Llegados a este punto vamos a recordar, según la IEC 60364, los tres tipos de configuración que existen para los esquemas de puesta a tierra, los cuales se identifican por medio de dos letras. La primera indica la puesta a tierra del neutro (T: puesto a tierra e I: no conectado a tierra o puesto a tierra a través de una impedancia elevada). La segunda letra indica la puesta a tierra de las carcasas metálicas de los equipos Clase I (T: puestas a tierra y N: conectadas al neutro). Recordemos que los equipos Clase I tienen partes metálicas accesibles, en las cuales puede aparecer una tensión peligrosa debido a un fallo de aislamiento. Los equipos de Clase II disponen de un aislamiento doble o reforzado que evita la aparición de una tensión peligrosa en su parte exterior.

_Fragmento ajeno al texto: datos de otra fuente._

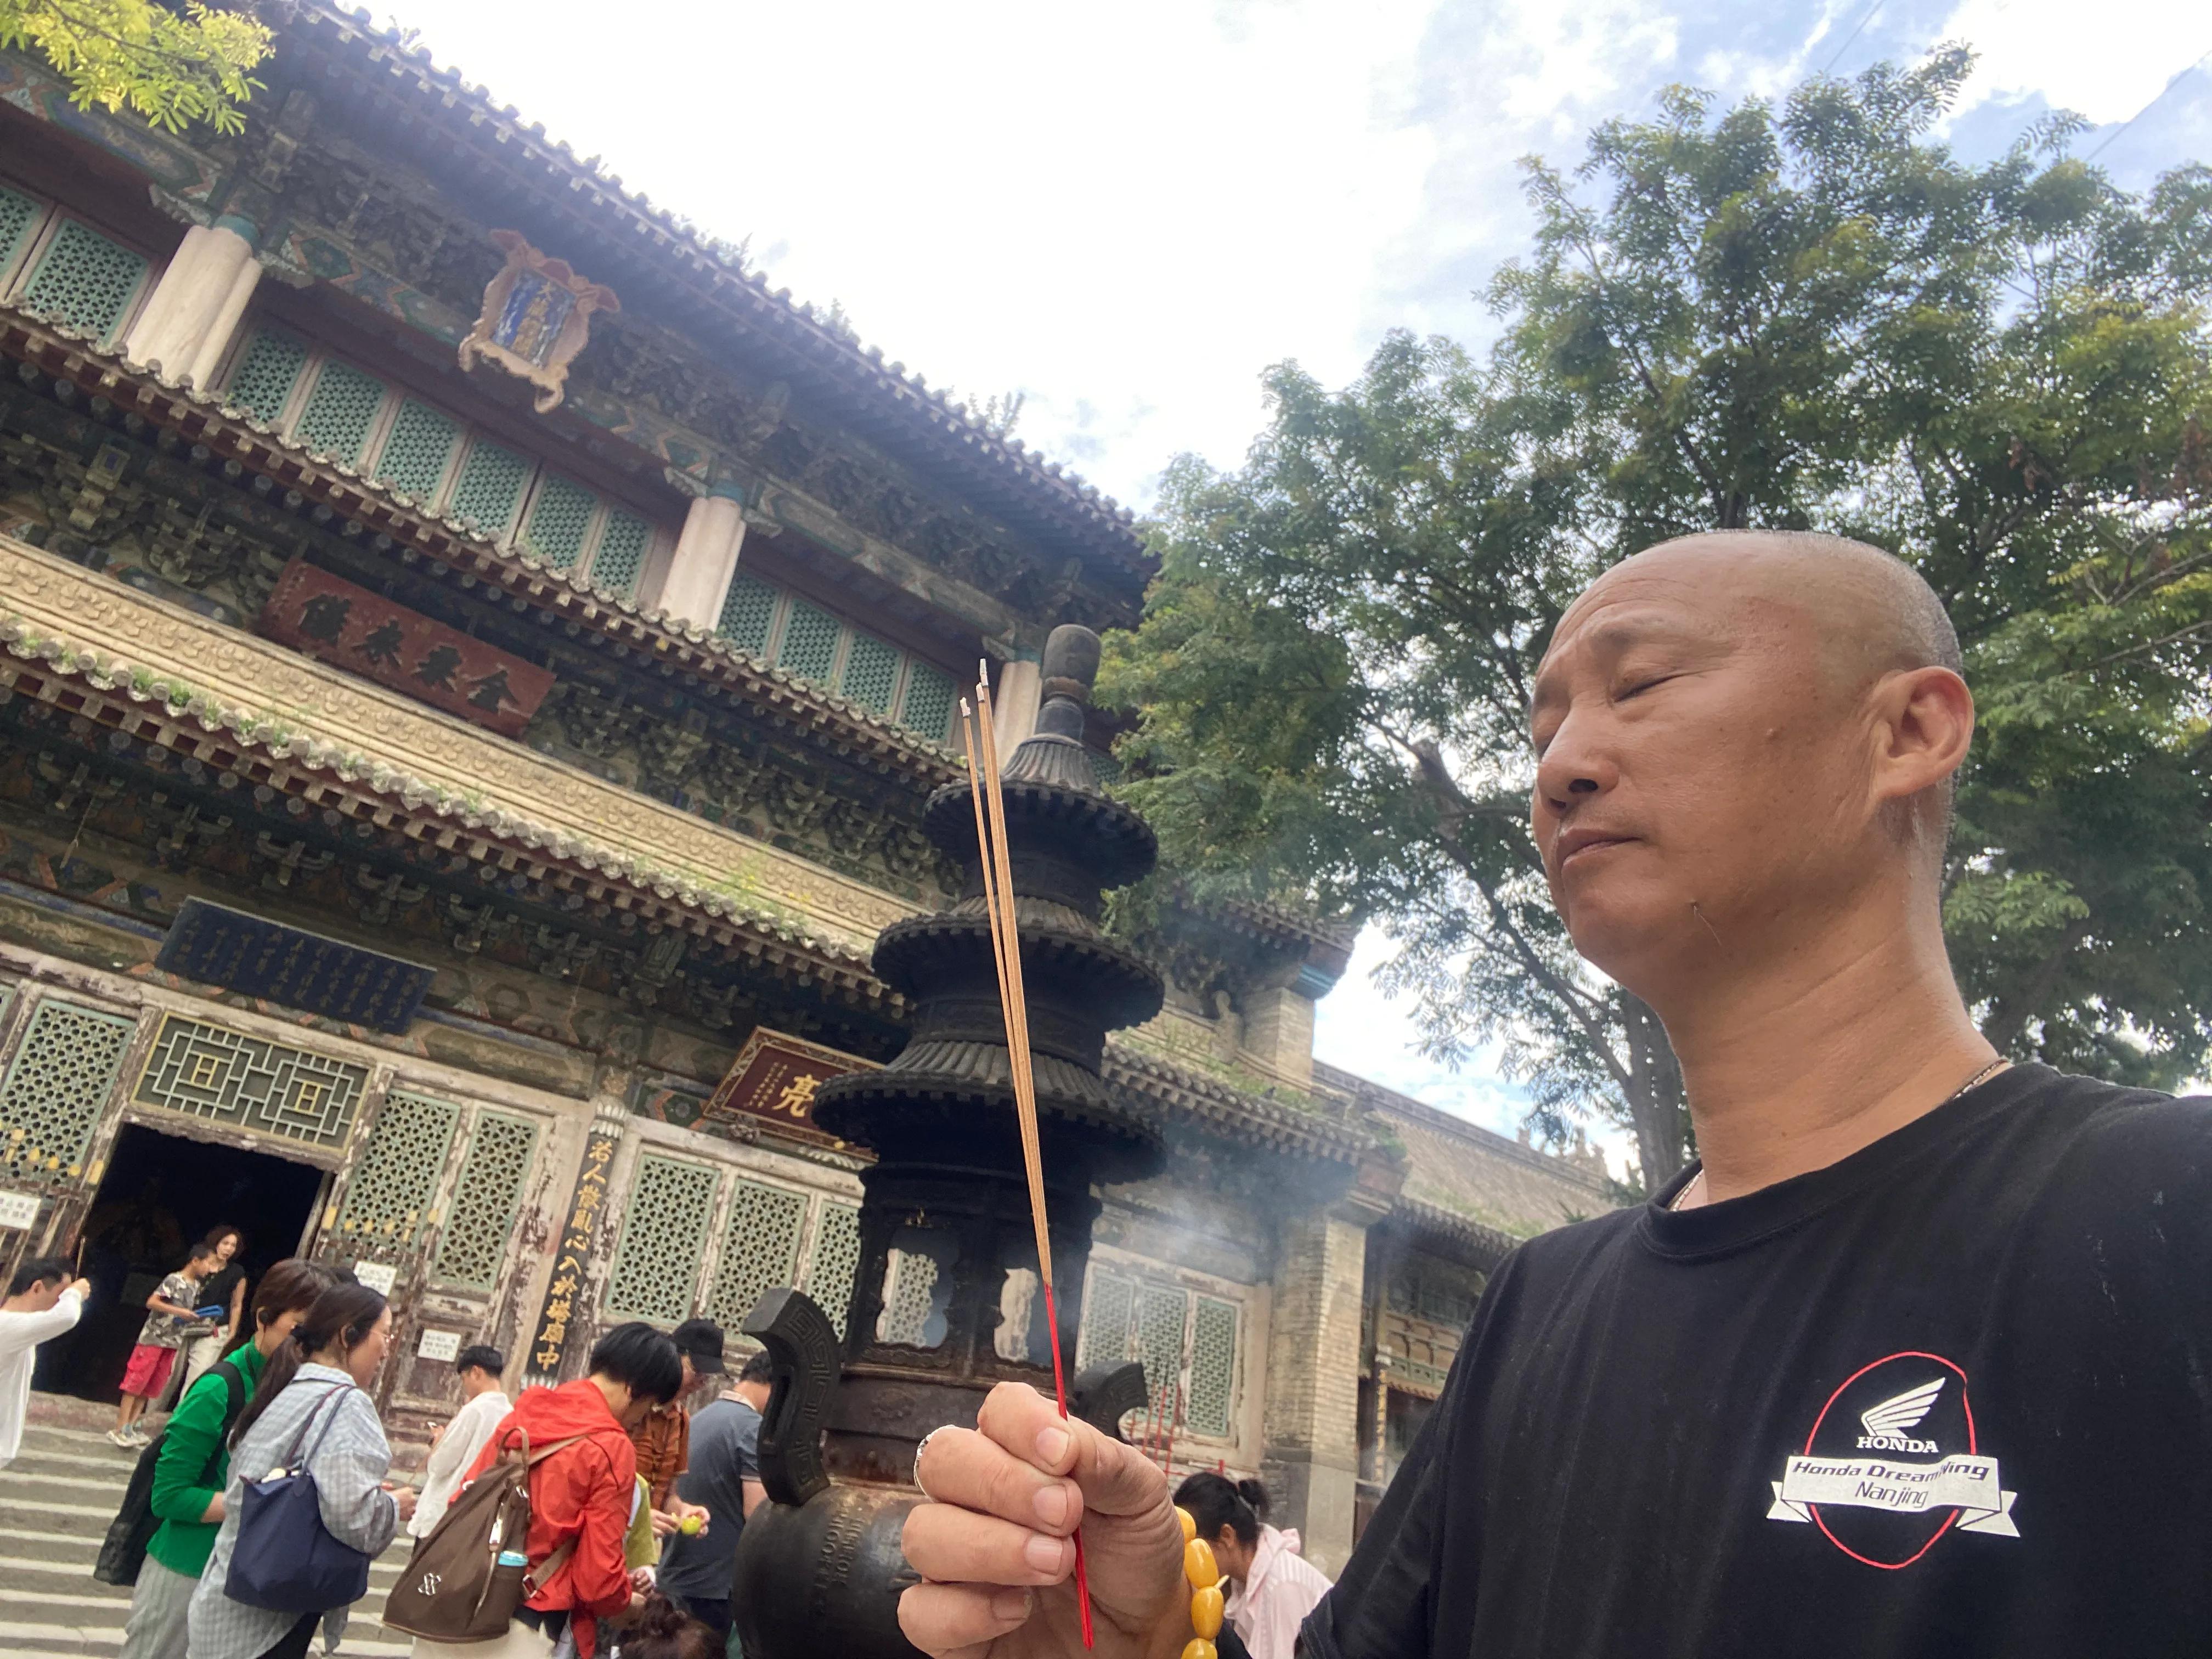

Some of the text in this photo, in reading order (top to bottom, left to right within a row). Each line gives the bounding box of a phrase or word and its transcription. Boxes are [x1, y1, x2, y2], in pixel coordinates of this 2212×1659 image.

[1857, 1436, 1939, 1453] HONDA
[1792, 1462, 1861, 1476] Honda
[1855, 1481, 1928, 1508] Nanjing
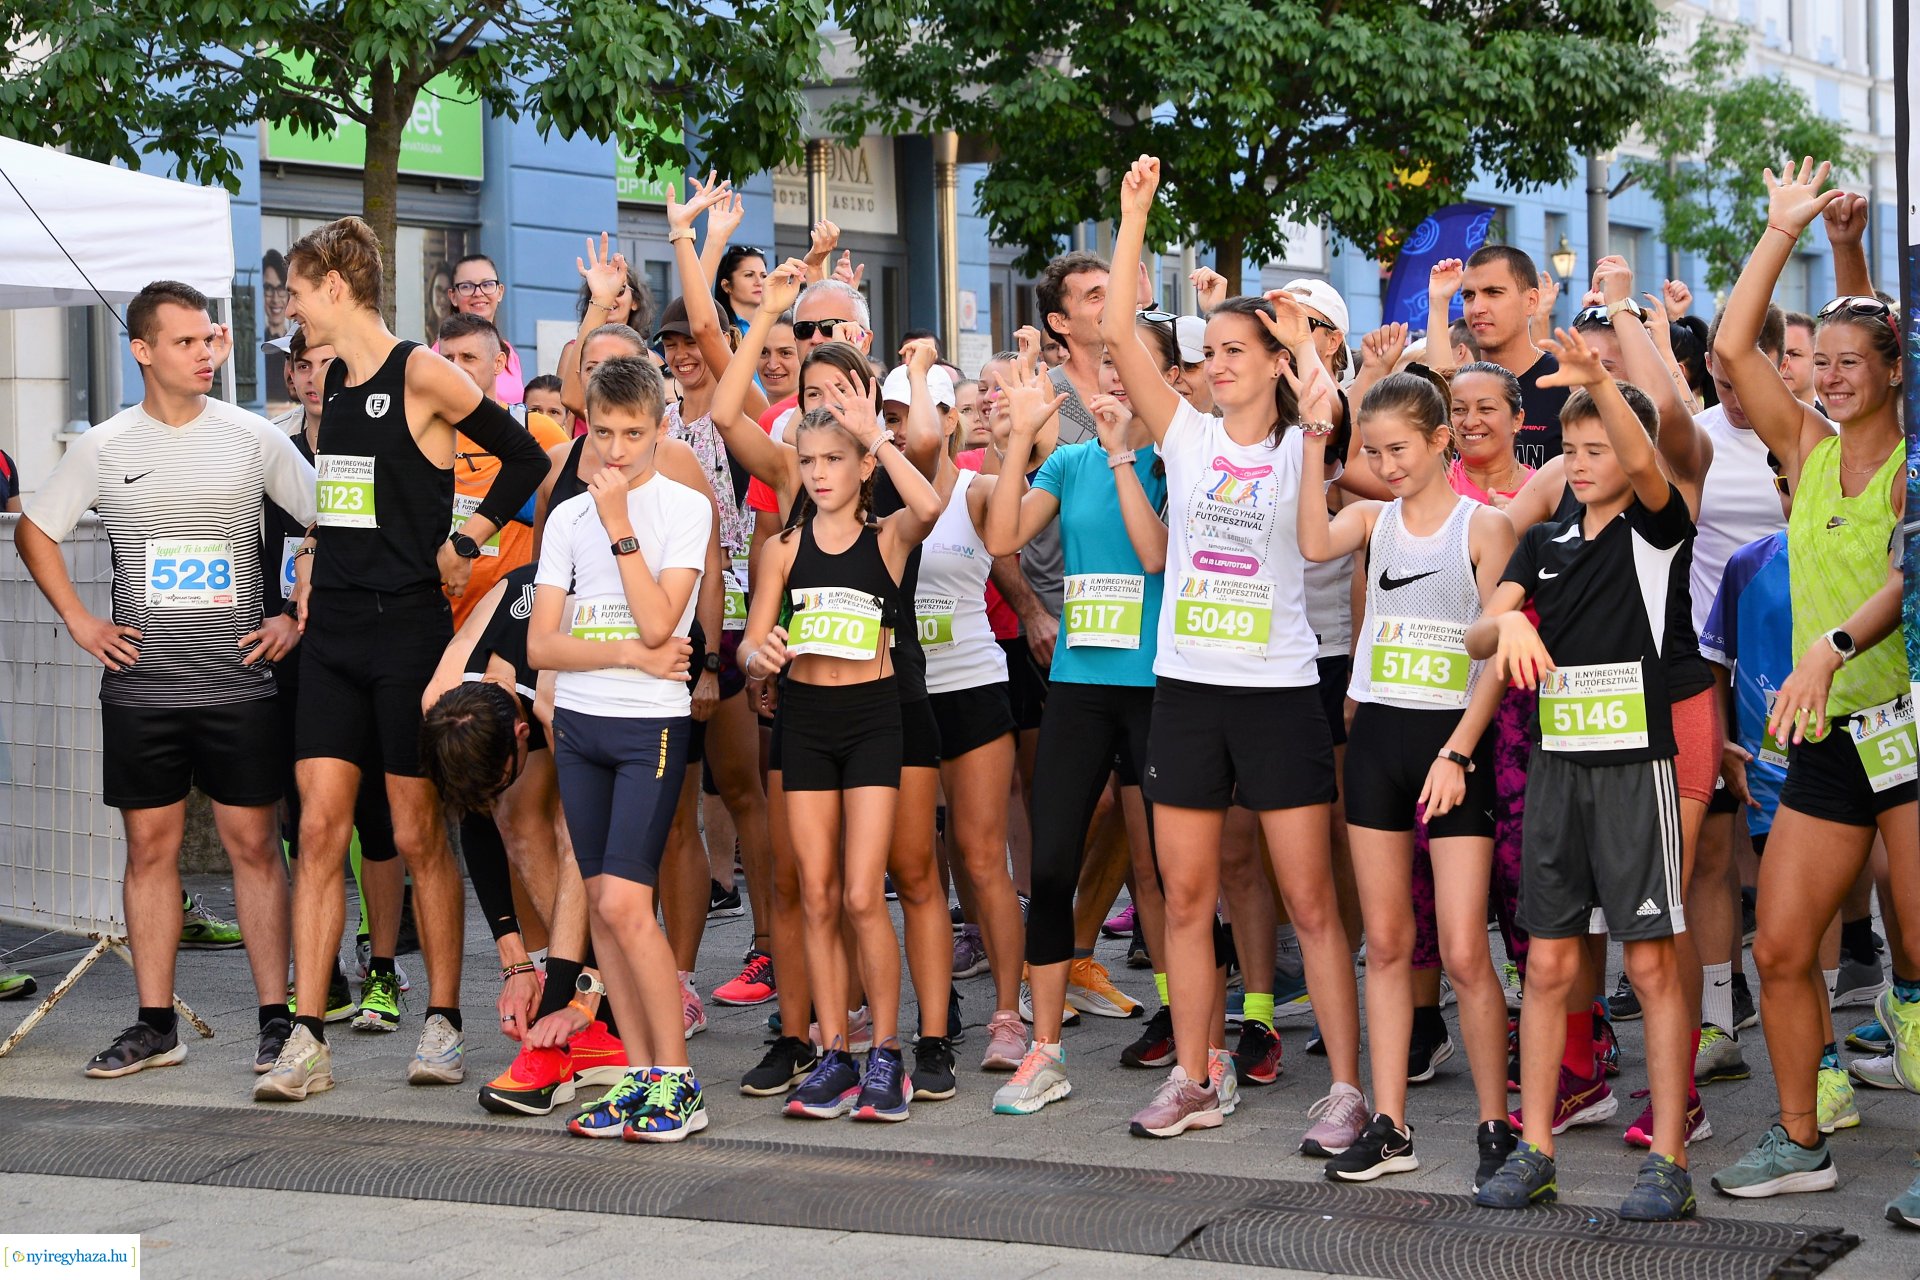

En la Imagen 1 se muestra los símbolos que representan las dos clases mencionadas.


Imagen 1.
El conductor que conecta las carcasas metálicas a tierra, o al neutro, se denomina conductor de protección o PE. A pesar de que el sistema TN permite utilizar el neutro como conductor de protección, en el caso de que se utilicen interruptores diferenciales, es necesario la configuración TN-S, en la que el neutro y el conductor de protección son diferentes, ya que en el caso TN-C, la apertura del conductor neutro dejaría el circuito de tierra abierto.

Red TN-S

Siempre he manifestado, tanto en los comentarios en el blog de solarweb como en las dudas que recibo en el correo, que el “director de orquesta” en las instalaciones fotovoltaicas aisladas, en el caso de que haya cargas en AC, es el inversor . Pues bien, nuevamente y una vez más en este caso se pone de manifiesto lo que he comentado, ya que habrá que tener presente las instrucciones del fabricante del inversor en cuanto a la conexión de puesta a tierra de éste, sus posibilidades de modificación en relación a las que trae por defecto y si se permite la puesta a tierra o no de uno de los polos del lado de continua para su correcto funcionamiento. La posibilidad de la puesta a tierra de uno de los polos del lado de continua casi siempre es posible ya que suele existir una separación galvánica entre CC y AC. Esta posibilidad la comento ya que en algunos países es obligatorio, independientemente de la tensión, la puesta a tierra de uno de los polos del lado de continua, por ejemplo EEUU y su NEC (National Electric Code).
Como ejemplo del párrafo anterior y en relación con los esquemas de conexión a tierra, sírvase las imágenes que a continuación se ponen, extraídas de los manuales de dos inversores habitualmente utilizados en instalaciones aisladas.

Imagen 2.

La imagen anterior, como se puede ver, pertenece a un inversor de Clase I, ya que dispone de un chasis metálico que debe ponerse a tierra de forma permanente, y que a su vez está conectado con el PE. Así mismo, el conductor neutro está puesto a tierra a través de su interconexión con el PE, estableciendo por tanto una red TN-S por defecto.
De la imagen 2, podemos también deducir, que sería posible la puesta a tierra del polo negativo de entrada de CC, ya que el fusible interno de protección del inversor está sobre el polo positivo.
Si, por requisitos de diseño, necesitásemos realizar una instalación IT con este inversor, a priori no podríamos, si bien, en el mismo manual nos indica la forma de realizar una red IT como vemos en la imagen 3. Es decir, tendríamos que cortar el cable G o retirarlo.

Imagen 3.


En el caso de otro inversor, su manual de instalación indica lo que se muestra en la imagen 4.

Imagen 4.

Además también nos avisa de lo siguiente:


Imagen 5.

Nuevamente vuelven a recomendar que la red de distribución sea TN-S, pero en este caso, se debe de realizar por el instalador ya que se sobreentiende que no viene por defecto.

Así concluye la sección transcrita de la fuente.